Exclude the images and repeat all remaining entries exactly.

[Saved data entries]
= Beginning of Section =

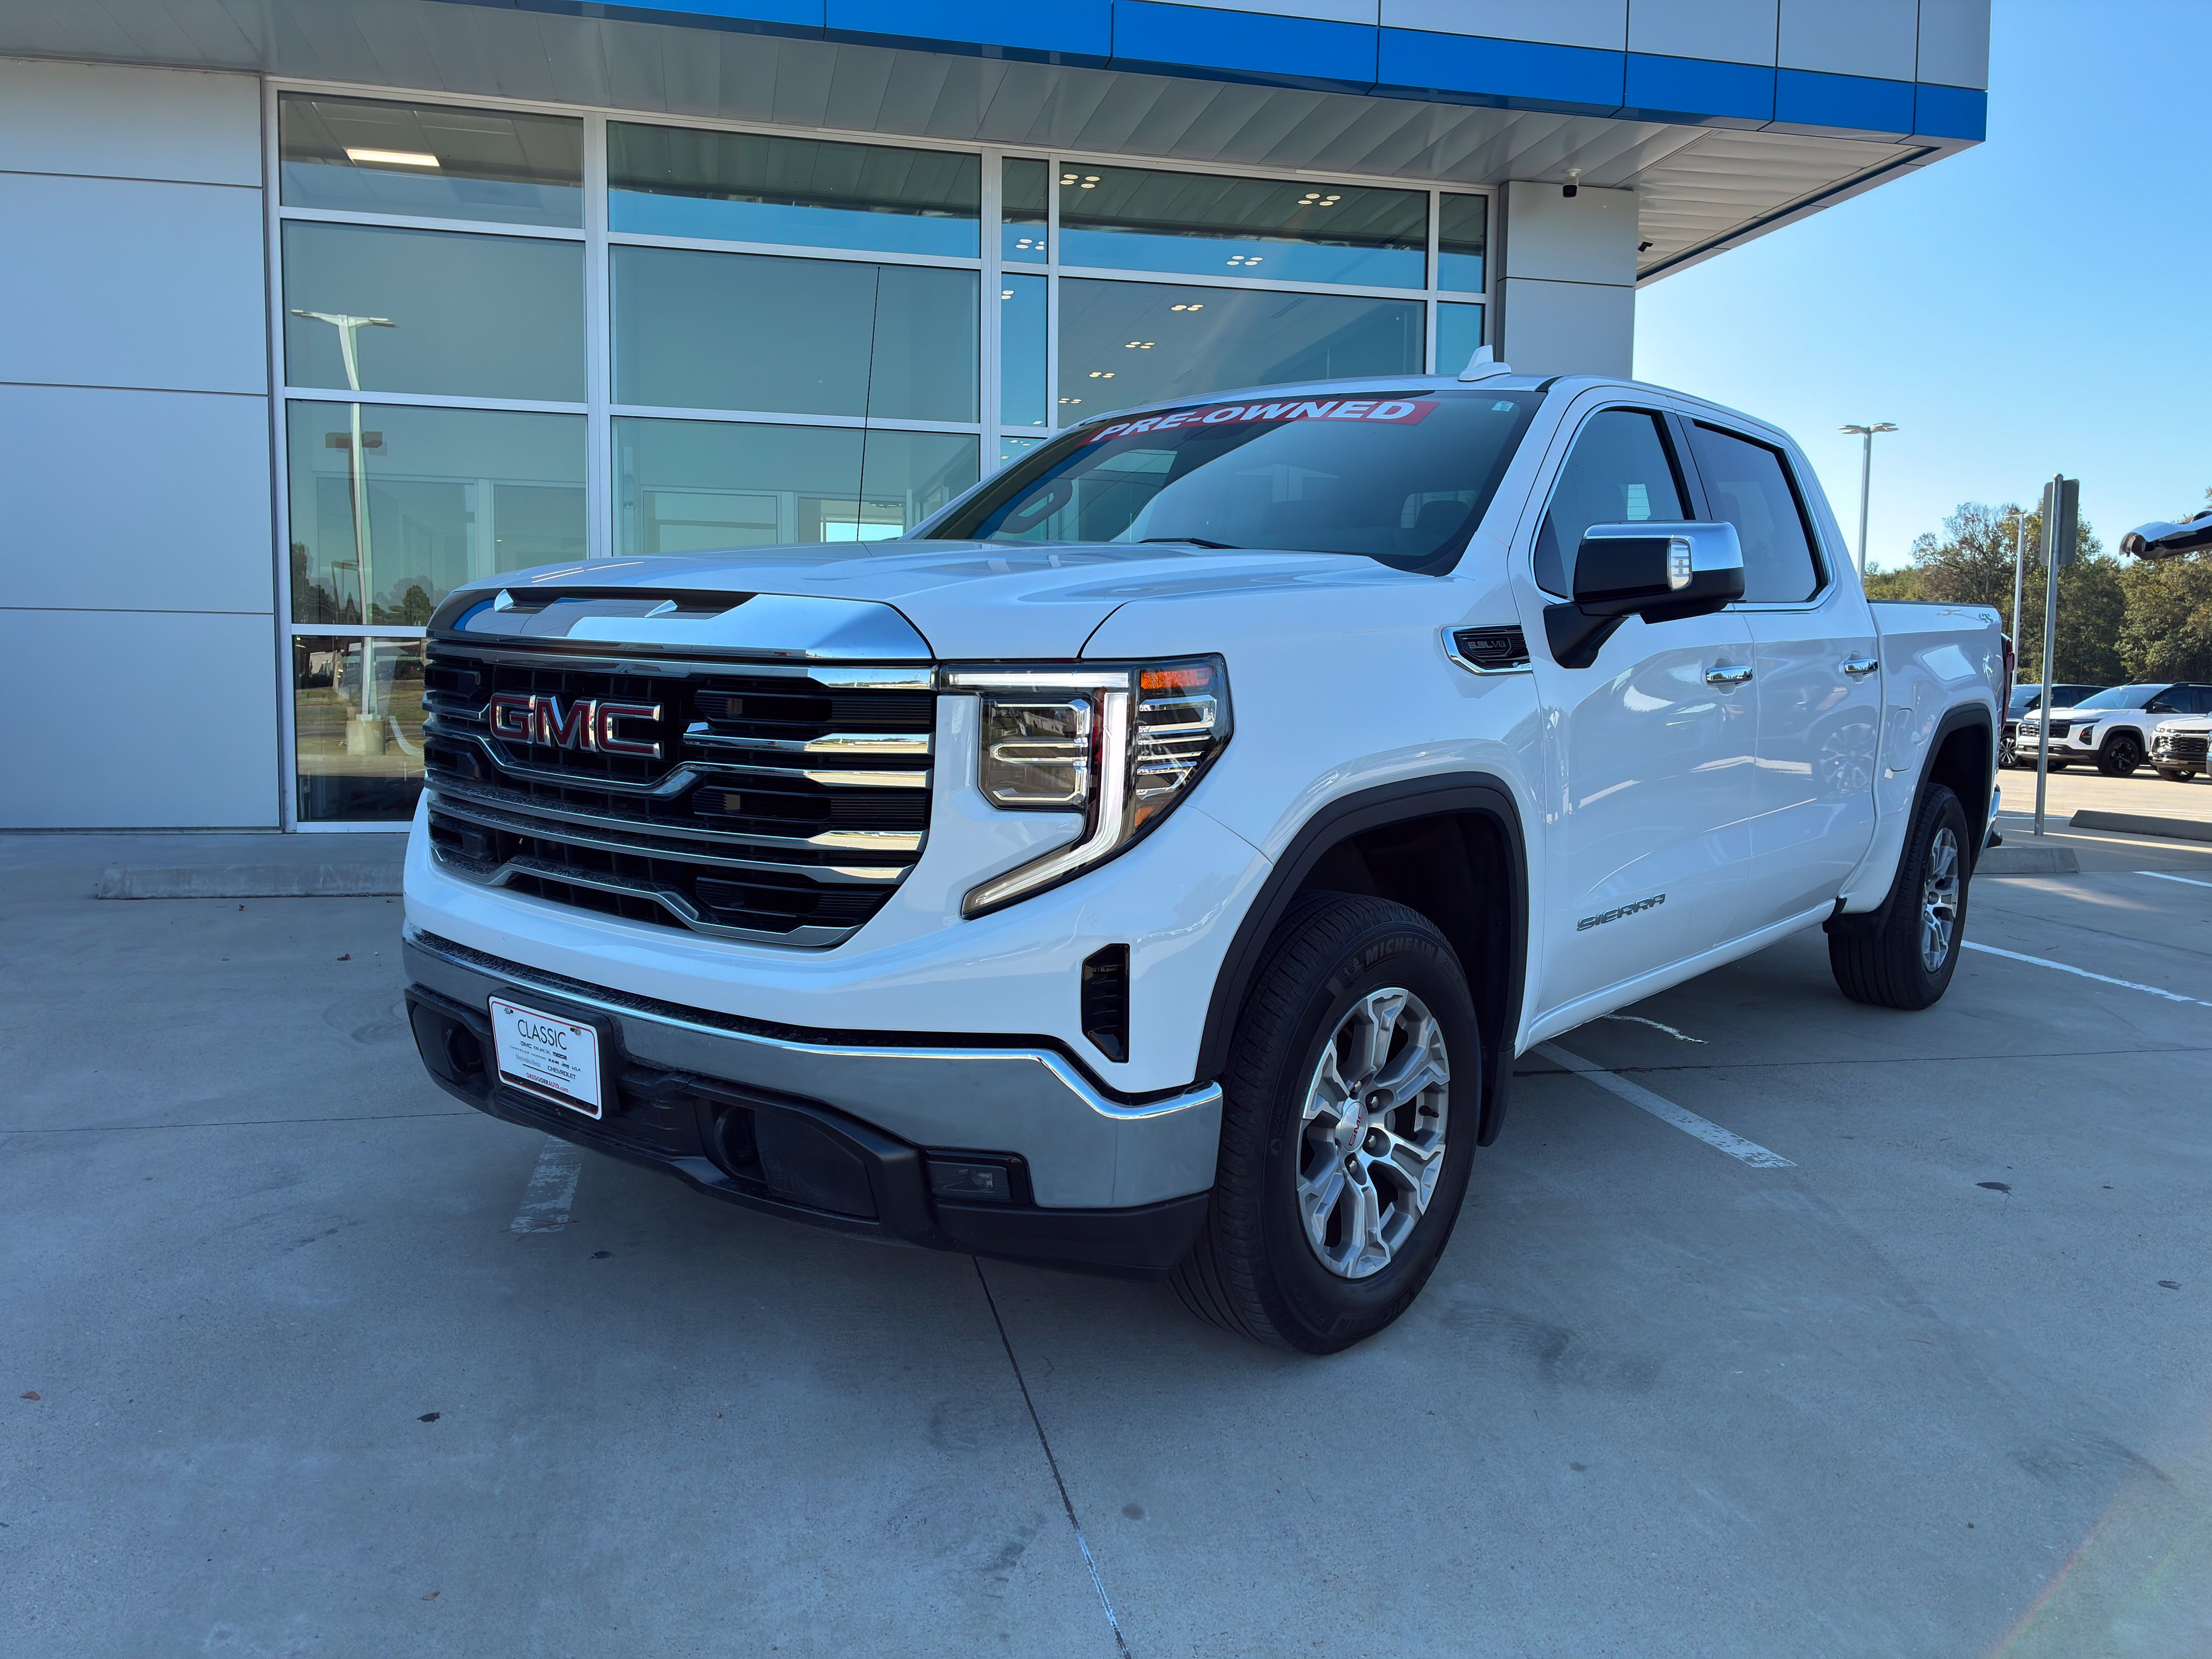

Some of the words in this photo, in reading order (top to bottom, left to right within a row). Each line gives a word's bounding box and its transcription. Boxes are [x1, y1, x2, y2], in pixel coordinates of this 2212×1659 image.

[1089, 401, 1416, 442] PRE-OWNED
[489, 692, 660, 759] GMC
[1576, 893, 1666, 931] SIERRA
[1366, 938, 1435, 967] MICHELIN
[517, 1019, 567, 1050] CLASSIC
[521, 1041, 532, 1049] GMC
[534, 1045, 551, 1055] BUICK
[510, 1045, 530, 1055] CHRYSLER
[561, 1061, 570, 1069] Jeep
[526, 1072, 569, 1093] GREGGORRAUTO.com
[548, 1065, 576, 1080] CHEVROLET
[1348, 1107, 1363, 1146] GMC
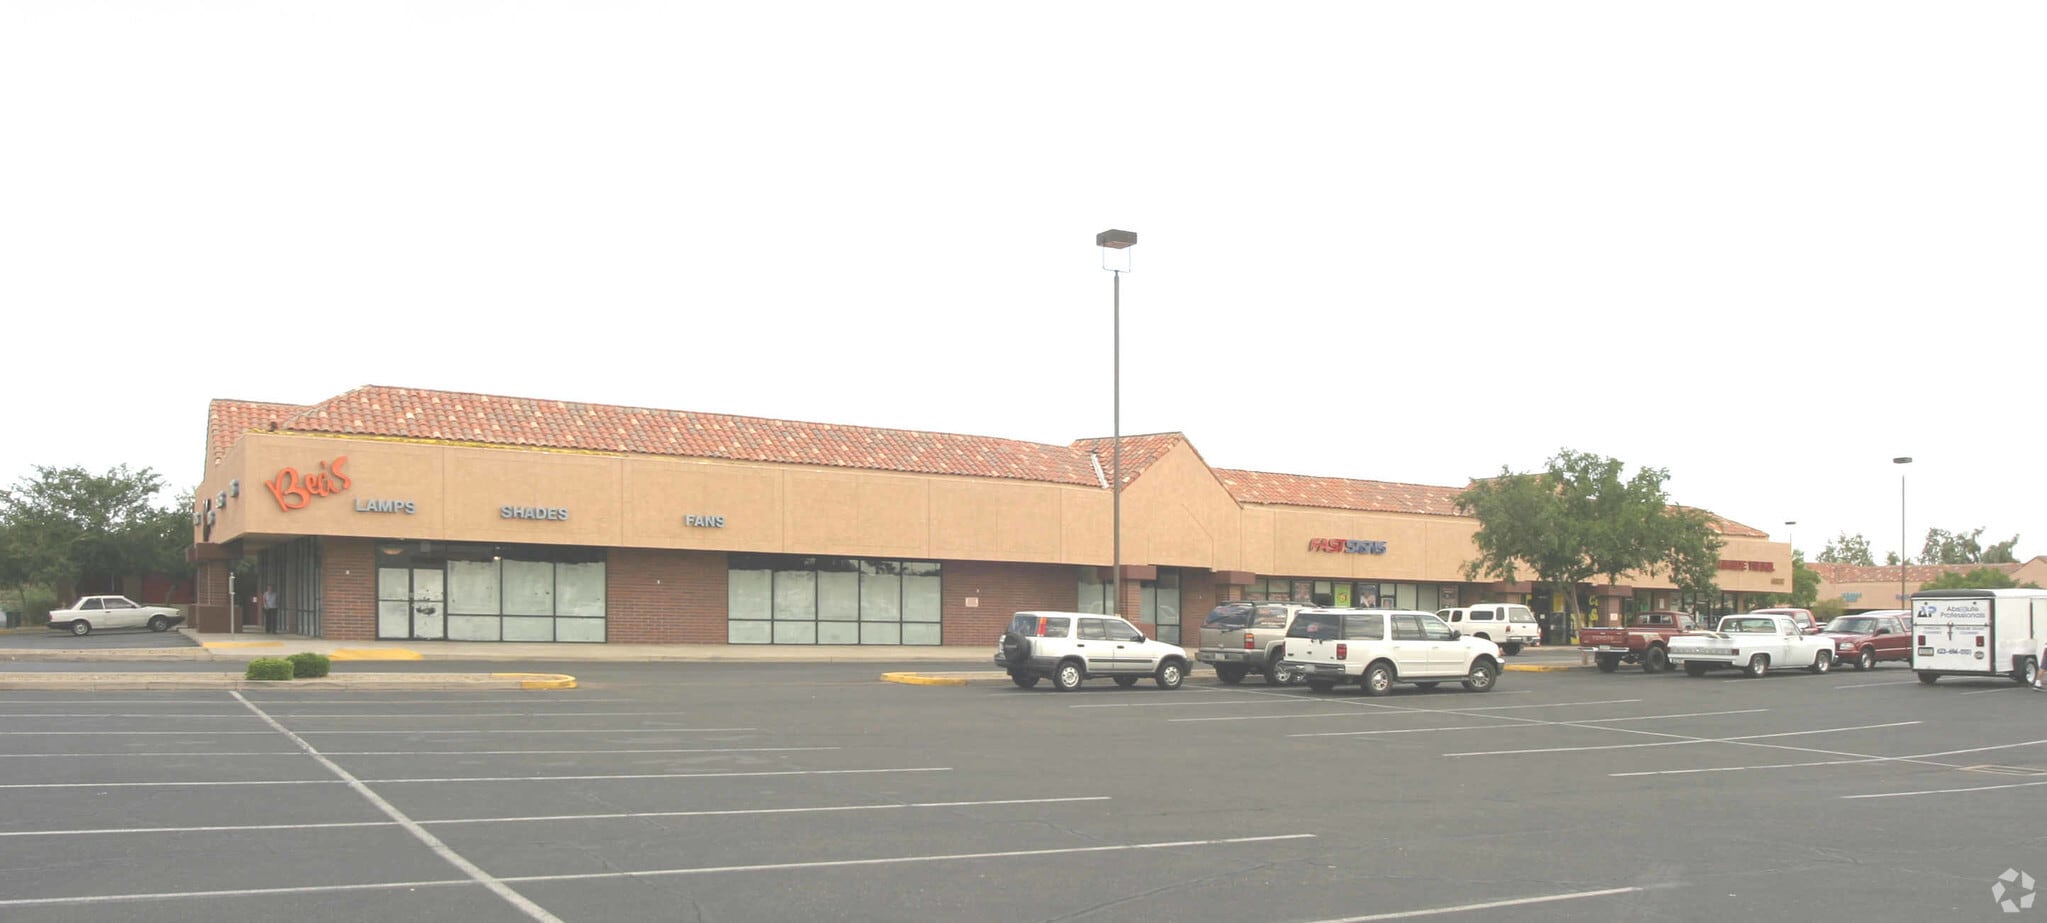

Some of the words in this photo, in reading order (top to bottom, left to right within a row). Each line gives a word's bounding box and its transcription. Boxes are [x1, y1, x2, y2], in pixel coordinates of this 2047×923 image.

= End of Section =

(RESULT OF THIS EXERCISE):
Some of the words in this photo, in reading order (top to bottom, left to right within a row). Each line gives a word's bounding box and its transcription. Boxes are [x1, y1, x2, y2], in pixel coordinates of this 2212×1659 image.

[1089, 401, 1416, 442] PRE-OWNED
[489, 692, 660, 759] GMC
[1576, 893, 1666, 931] SIERRA
[1366, 938, 1435, 967] MICHELIN
[517, 1019, 567, 1050] CLASSIC
[521, 1041, 532, 1049] GMC
[534, 1045, 551, 1055] BUICK
[510, 1045, 530, 1055] CHRYSLER
[561, 1061, 570, 1069] Jeep
[526, 1072, 569, 1093] GREGGORRAUTO.com
[548, 1065, 576, 1080] CHEVROLET
[1348, 1107, 1363, 1146] GMC

Some of the words in this photo, in reading order (top to bottom, left to right within a row). Each line gives a word's bounding box and its transcription. Boxes are [x1, y1, x2, y2], in pixel coordinates of this 2047×923 image.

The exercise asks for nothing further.